Monday, February 26, 2007

I Much Prefer Oscar the Grouch

I have to admit, I don't watch the entire Oscar ceremony. Call me a snob, but I really don't care to watch a bunch of people I've never heard of thank their mother for making them such an incredible costume designer or cinematographer or drug dealer to the stars.

And because the Oscars hate people like me who just flip it on during commercials of other shows, I only catch the crappy awards. Not the good ones. Or I catch the endless montages that makes me think that Hollywood will not rest until every single frame of every single movie has been shown to the world.

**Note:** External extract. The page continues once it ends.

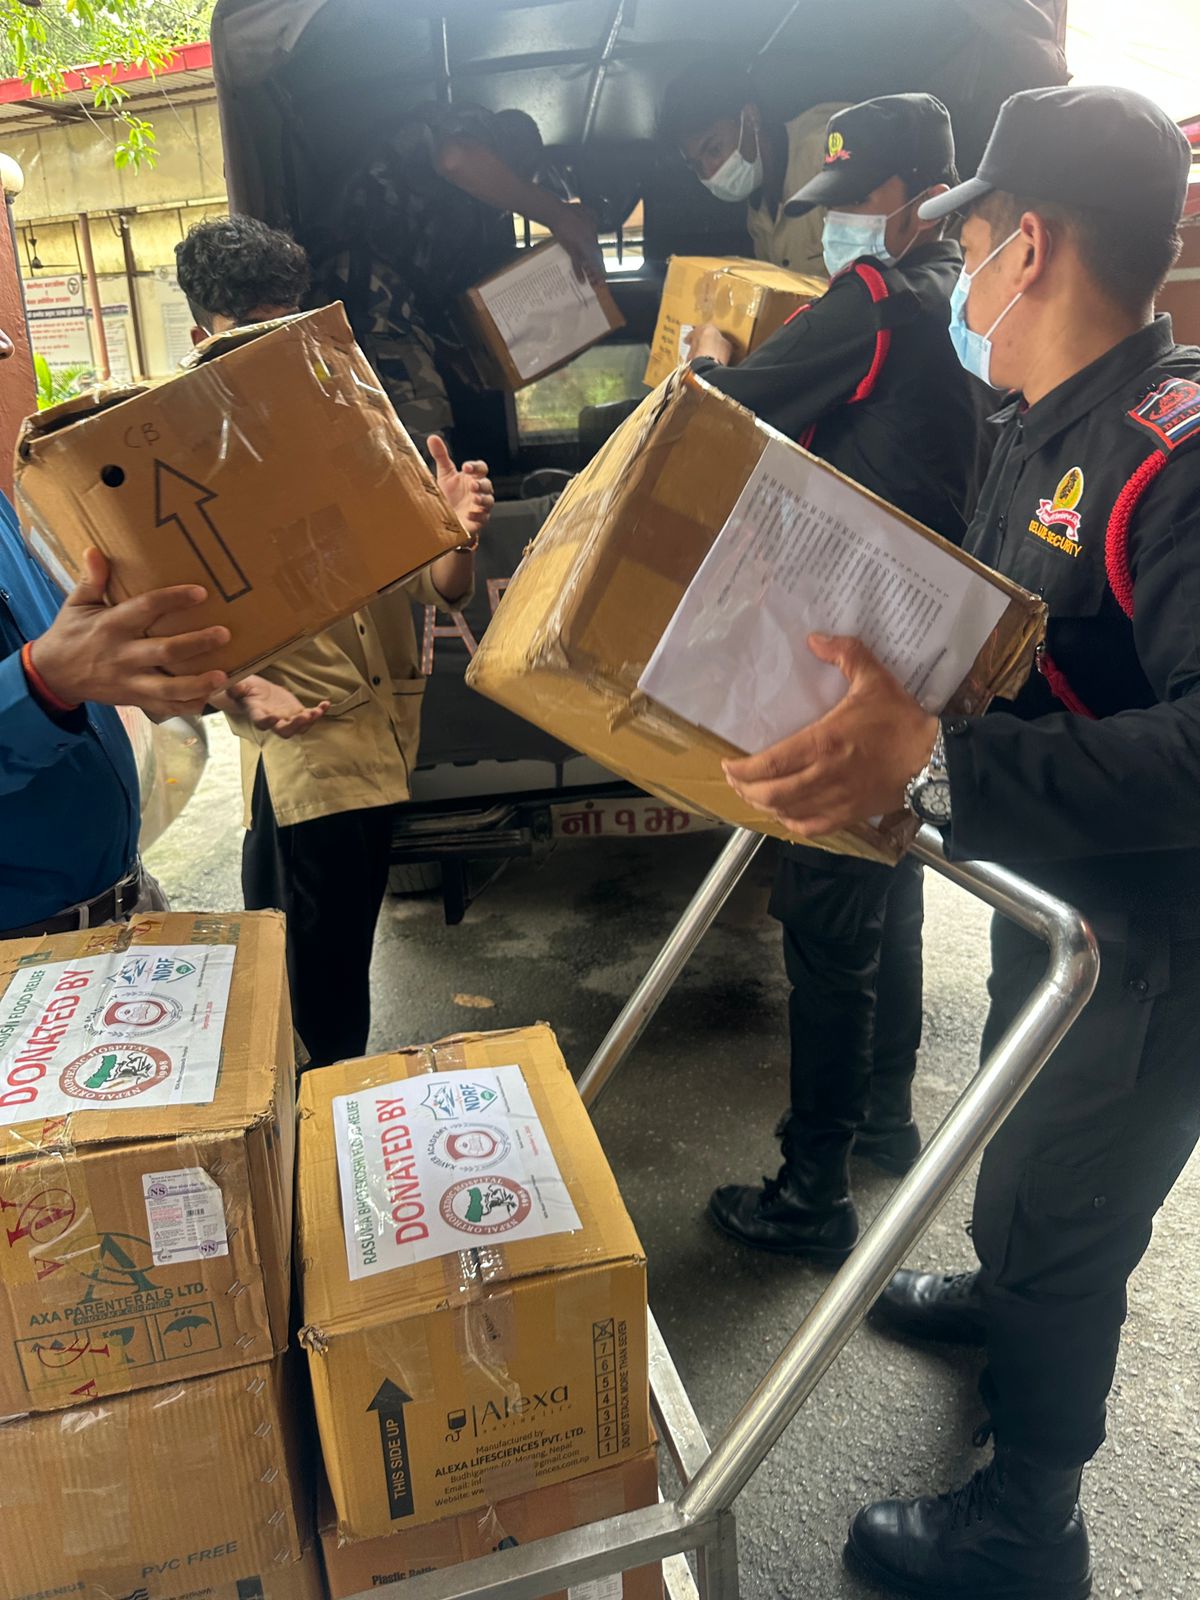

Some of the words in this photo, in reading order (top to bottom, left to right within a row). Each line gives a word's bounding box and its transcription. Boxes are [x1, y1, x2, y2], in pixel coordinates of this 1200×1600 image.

I also find the award shows particularly painful to watch, because self-obsessed stars can't even be bothered to clap until their own name has been clapped. Or if you're like Nicole Kidman, and you're not nominated, you don't clap. Ever. Is she afraid of breaking a bone if she breaks into a golf clap? What is that icy bitch's problem?

And then there's nipple-gate of 2007. I'm probably going to blow this out of proportion, because, you see, Sweetie Pie and I were still smoking during the Janet Jackson nipple-freeing episode. Thinking the half-time show would be boring, we stepped outside and missed the entire thing. It wasn't until I got in my car the next day to go to work that I found out we'd missed what might be the defining moment of our generation.

So now, I've got to hype up the new nipple incident. And I'm talking about Gwyneth Paltrow. First, there was her hair. Don't get me started on that. Unless she's been growing it for locks of love, there's no reason for it to be so long she has to pull it out of the toilet every time she takes a dump. And is her right shoulder broken? Because why does every strand of hair need to rest on the left one.

But what gets me is that you're a mom of two and you come out on a brightly-lit stage in front of one billion people in a dress that is see-through at the boobie level.

Now don't get me wrong, I am not one of those uptight "boobies are gross unless I'm touching them" hypocrites.

I sunbathe topless in France. I'm completely for breastfeeding in public.

What I don't understand is the "look at me! I'm wearing a dress and you can see my boobies!" look. Especially when you're famous. And pictures are being taken of you. And your kids will see those pictures some day. And they may not want to see their Mommy's boobies. I'm just saying.

On a completely different note, I find that when Little Man greatly irritates me, that I tend to fall into Work Catwoman.

By that I mean that each of us has different personalities. Like there's Party Catwoman who drinks too much and used to flirt with weird men, only to bail out of there when they got creepy. Then there's Home Catwoman, who likes to do domestic things like organize her recipes and create the Family Recipe Collection that should be totally saved in case of fire, because my freaking Easy Mexican Dip recipe is to die for. Then there's Work Catwoman, who's sometimes serious and uses words like "perspective" and "at the end of the day." And then there's Mom Catwoman, who cracks up and believes playing hide and seek with a toddler for four hours is the best way to spend a Saturday afternoon.

When Little Man gets very irritating or whiny, I find that I'll sometimes fall into Work Catwoman. This is when I say things to Little Man like "I'm really not liking your attitude right now." or "Do you really believe that whining is the best course of action?" or "Your strategy for getting an extra cookie is quite flawed."

I guess it's better than screaming, but it is quite odd.




Emma in Canada said...

I totally missed the nipples, as I spent 2 hours on the phone gossiping about regular folks, something I would never do on a Sunday night that is showing Amazing Race, Cold Case and Desperate Housewives. The show was pretty boring anyway, except that I did enjoy Ellen.

And you are right, it is way better than yelling. Which is what I do.

Julie said...

I'm with Emma - I totally missed Gwenny's nips. We watched Amazing Race and only flipped at commercials. The best part that we did catch was Will Smith's little boy presenting - he was a doll - and flibbed his lines which make proud papa Will crack up.

Beccy said...

I totally missed them but then they're on in the middle of the night here. I just hear the next day who won the main awards.

I like your strategy. I flip between calm, patient mum to going bananas, screeching mum.